__TASK OBJECTIVE__:
Give the records again in full, exactly as they appear, but without the pictures.

Referring expression grounding data:
........

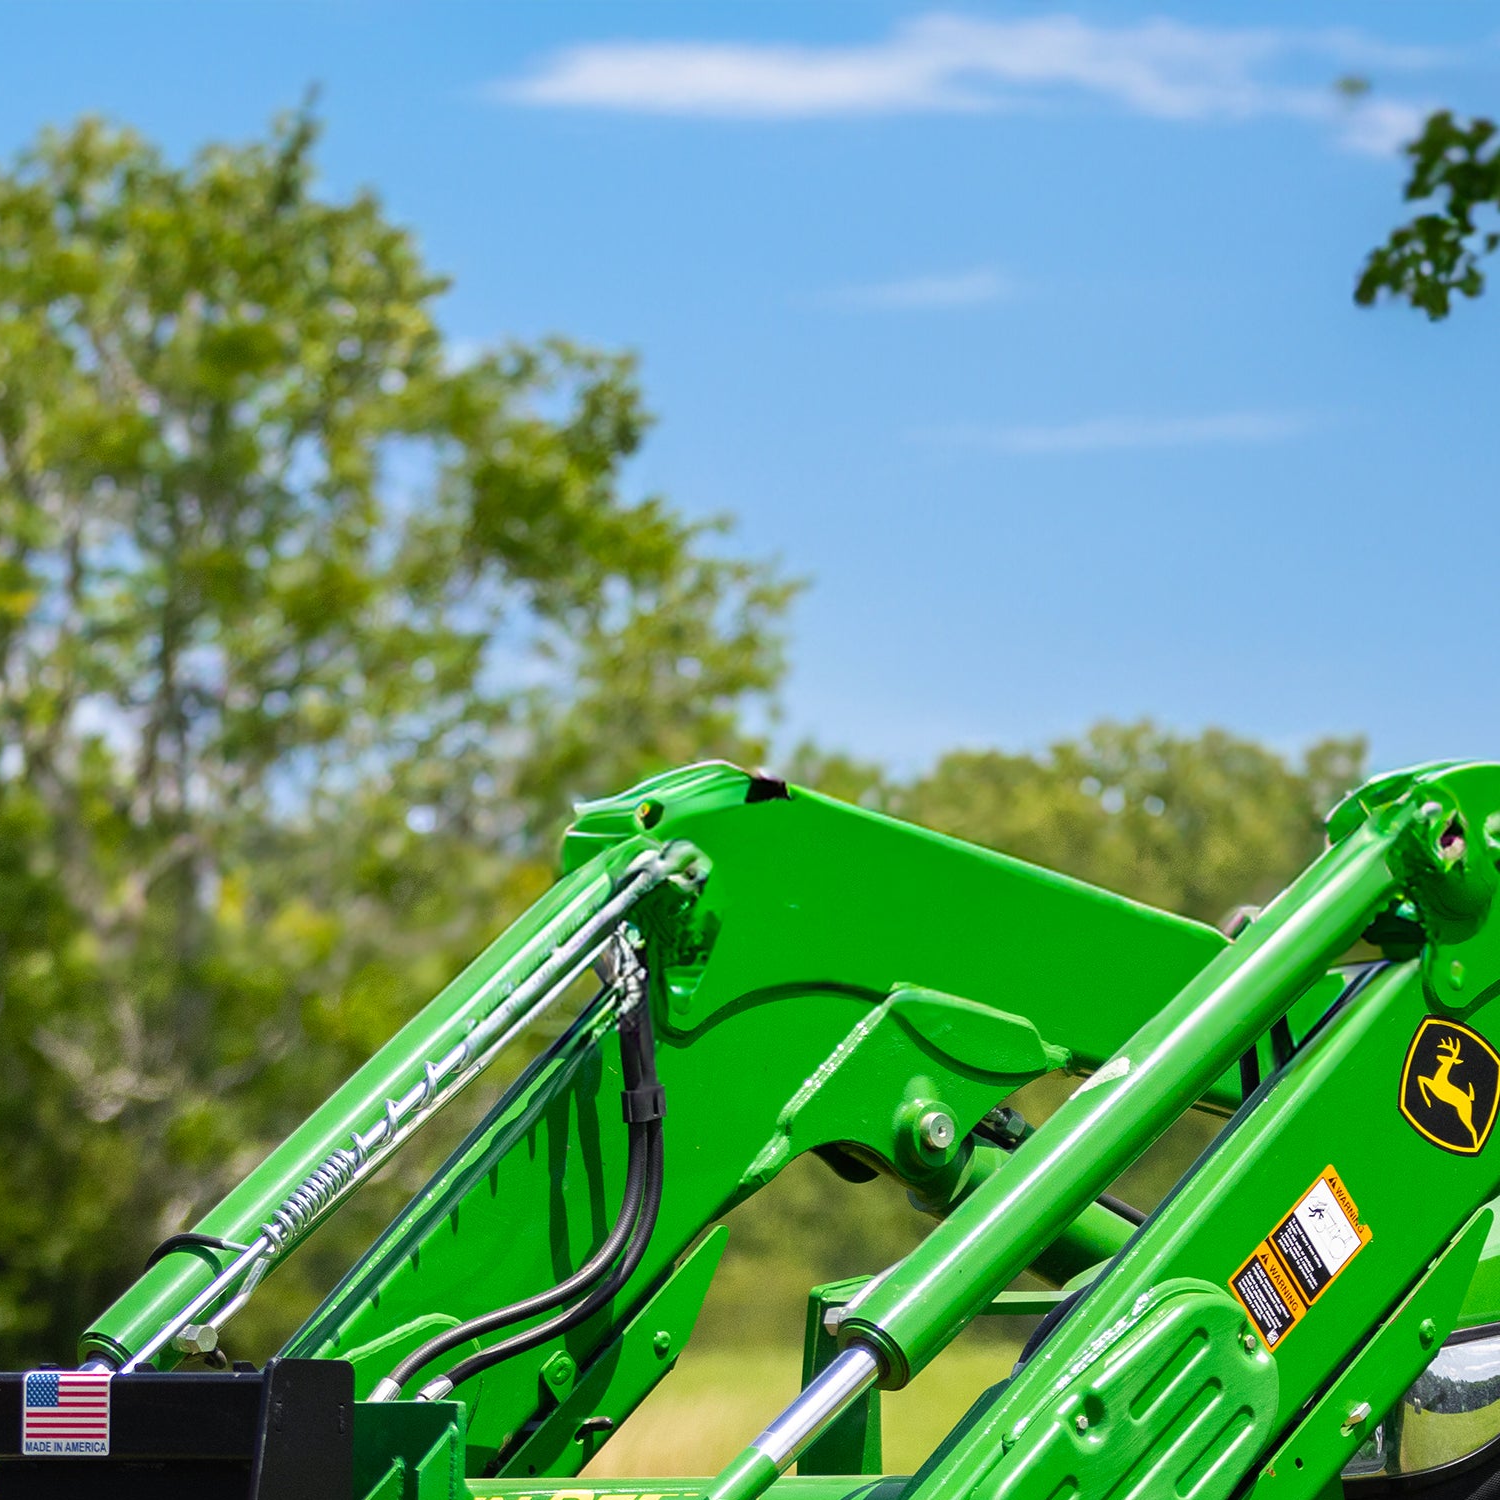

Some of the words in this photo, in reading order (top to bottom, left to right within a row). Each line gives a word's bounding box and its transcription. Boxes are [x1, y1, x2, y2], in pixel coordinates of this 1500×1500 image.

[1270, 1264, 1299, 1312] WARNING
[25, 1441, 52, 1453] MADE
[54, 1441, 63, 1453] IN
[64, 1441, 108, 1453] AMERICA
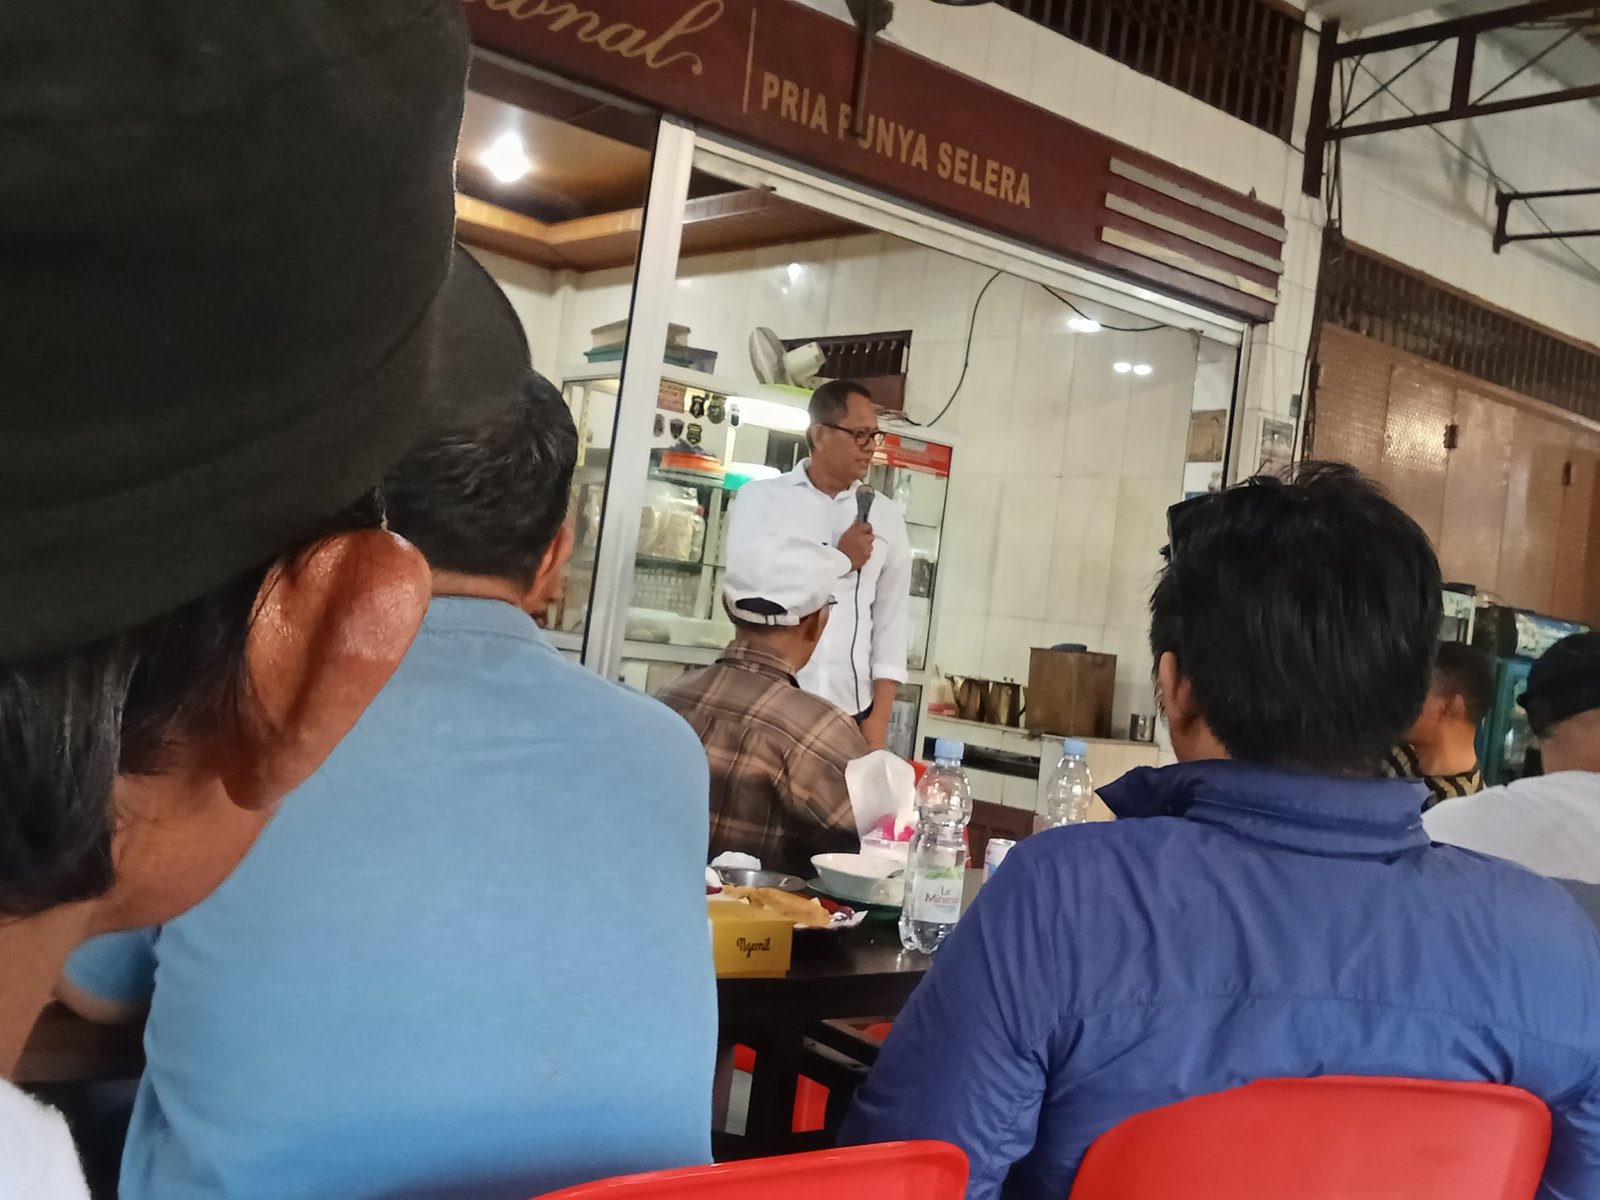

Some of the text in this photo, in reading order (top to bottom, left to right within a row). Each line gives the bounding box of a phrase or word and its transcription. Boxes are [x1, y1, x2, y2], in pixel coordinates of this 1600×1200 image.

........

__SOLUTION TO THIS TASK__:
Some of the words in this photo, in reading order (top to bottom, left to right within a row). Each line gives a word's bounding box and its transcription. Boxes are [x1, y1, x2, y2], in pixel coordinates of this 1500×1500 image.

[1270, 1264, 1299, 1312] WARNING
[25, 1441, 52, 1453] MADE
[54, 1441, 63, 1453] IN
[64, 1441, 108, 1453] AMERICA

Some of the text in this photo, in reading order (top to bottom, left to right within a row). Each line gives the bounding box of a phrase or word and its transcription. Boxes are [x1, y1, x2, y2], in pixel coordinates of this 1600×1200 image.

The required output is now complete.